Konkret werden unter Beratungstechnologie alle Tool- und Know-how-Komponenten zusammengefasst, die Berater nutzen, um ihre Kunden zu beraten. Dies schließt auch das Erfahrungswissen des Beraters mit ein. Hinsichtlich des Standardisierungsgrades lässt sich Beratungstechnologie unterteilen in
- individuelle, flexible Technologie,
- standardisierte Technologie (Tools) und
- starre Technologie (Beratungsprodukte).
Vorzüge und Nachteile standardisierter Beratungsleistungen
Die Vorzüge standardisierter Beratungsleistungen liegen zunächst in der Verkürzung der Beratungsdauer und damit in der Senkung der Beratungskosten, ohne dass es zu (nennenswerten) Qualitätseinbußen kommt. Standardisierte Beratungsleistungen weisen zudem eine vergleichsweise geringe Personenbindung auf, so dass neue Mitarbeiter schneller eingearbeitet und kreative Fähigkeiten an anderer Stelle effektiver eingesetzt werden können. Standardisierte Beratungsleistungen lassen sich darüber hinaus leichter positionieren und kommunizieren als individuelle Leistungen.
Auf diese Weise ist bei den Beratungsunternehmen eine Vielzahl von standardisierten Beratungsprodukten entstanden.

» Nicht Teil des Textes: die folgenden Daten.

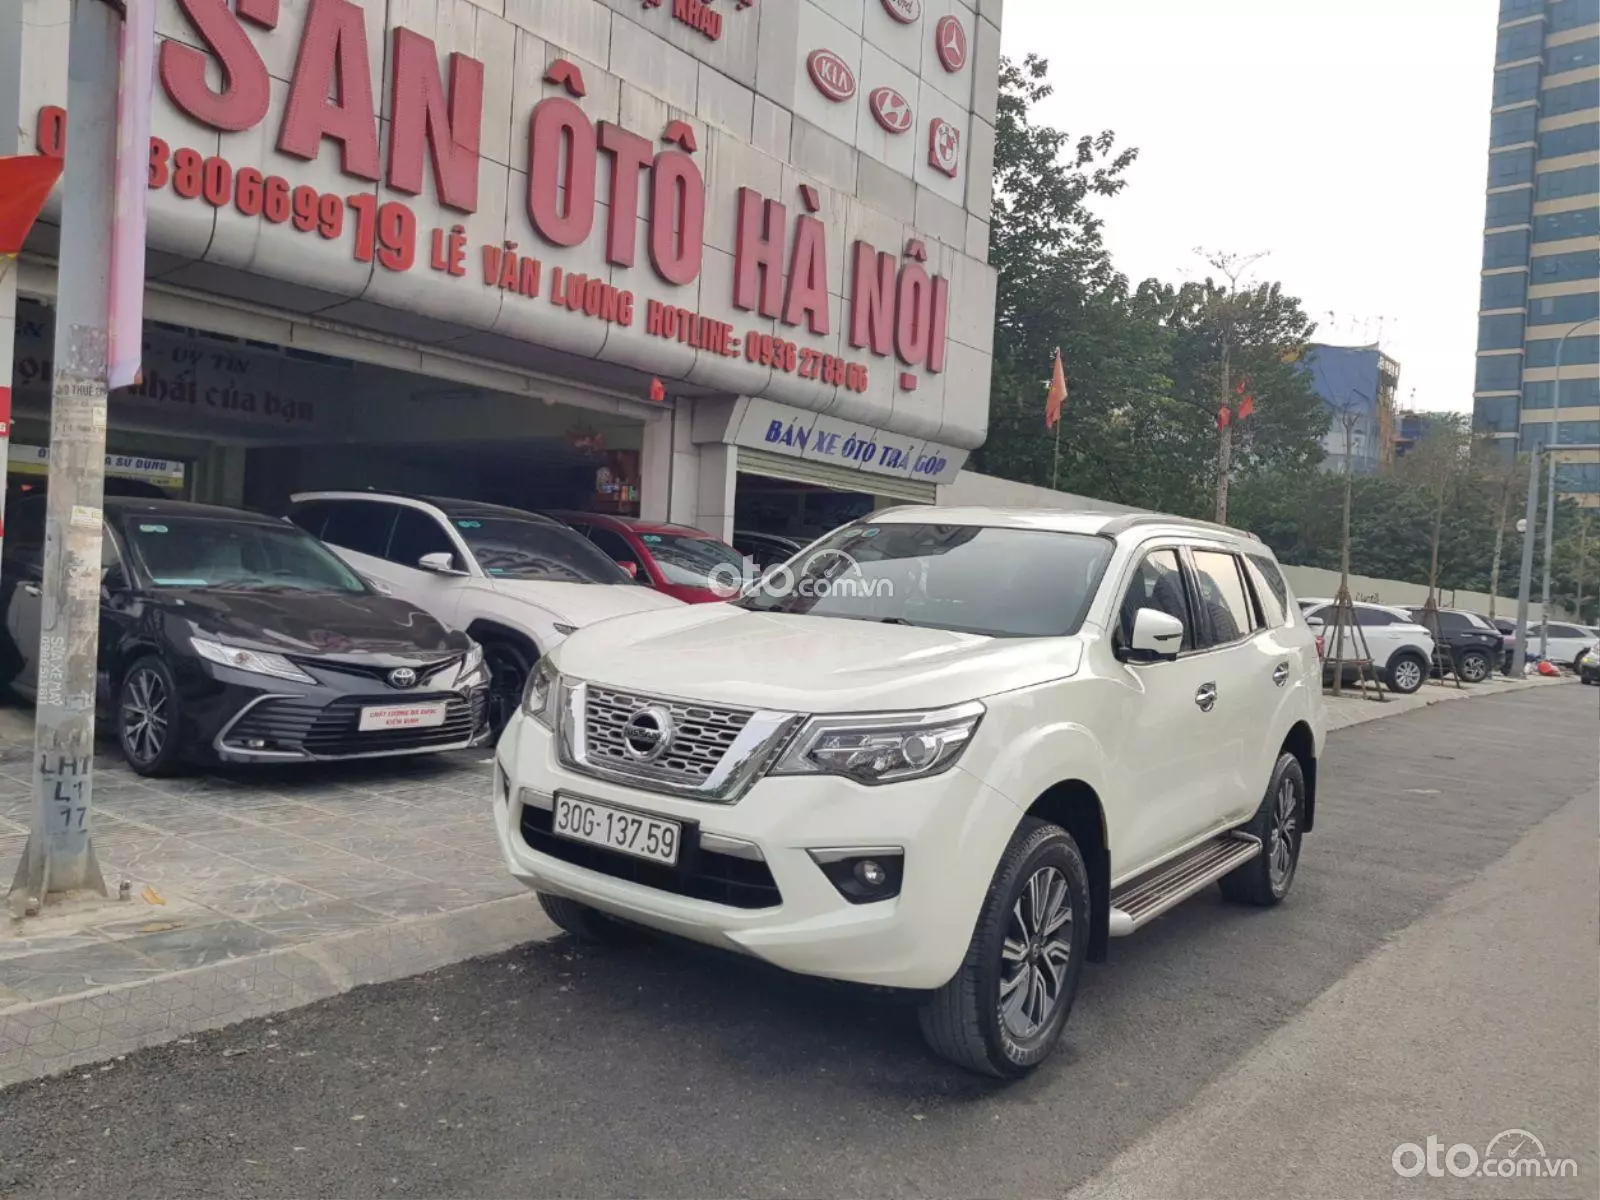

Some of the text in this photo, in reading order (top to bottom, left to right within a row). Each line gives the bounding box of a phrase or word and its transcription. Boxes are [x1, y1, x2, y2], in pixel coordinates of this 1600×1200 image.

[820, 60, 849, 91] KIA
[431, 224, 467, 277] LÊ
[483, 240, 541, 298] VĂN
[551, 266, 634, 327] LƯƠNG
[647, 298, 741, 357] HOTLINE:
[746, 331, 797, 373] 0936
[733, 184, 829, 335] HÀ
[848, 238, 949, 392] NỘI
[764, 416, 814, 451] BÁN
[811, 430, 841, 456] XE
[914, 450, 948, 476] GÓP
[558, 801, 675, 858] 30G-137.59

Beratungsprodukte sind die ausgeprägteste Form der Standardisierung und ermöglichen es dem Berater, für bestimmte Problemlösungen eine Art „Marke“ aufzubauen und sich vom Wettbewerb abzuheben. Beispiele dafür sind die Gemeinkostenwertanalyse (GWA) von McKinsey, die 4-Felder-Matrix der Boston Consulting Group oder das Economic Value Added-Modell (EVA) von Stern Stewart.

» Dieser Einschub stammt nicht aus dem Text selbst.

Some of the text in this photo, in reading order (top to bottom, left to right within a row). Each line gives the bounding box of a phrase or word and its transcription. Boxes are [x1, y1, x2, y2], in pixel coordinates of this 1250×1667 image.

Die Nachteile standardisierter Beratungsansätze können darin gesehen werden, dass sie zumeist erhebliche Forschungs- und Entwicklungskosten verursachen und zudem Konjunktur- und Modezyklen unterliegen. Beratungsprodukte folgen einem ausgeprägten Lebenszyklus und veralten in aller Regel schneller als eine Beratungsspezialisierung auf Branchen oder Funktionsbereiche. Außerdem sind Beratungsprodukte und Tools durch Wettbewerber immer leichter kopierbar als „stilles“ Wissen. Mit dem Einsatz einer starren Technologie verzichtet der Unternehmensberater zudem auf Handlungsspielräume. Konkret bedeutet dies, dass es bei Zieldefinitionen, bei der Personaleinsatzplanung und auch bei Honorarzahlungen kaum Freiheitsgrade gibt.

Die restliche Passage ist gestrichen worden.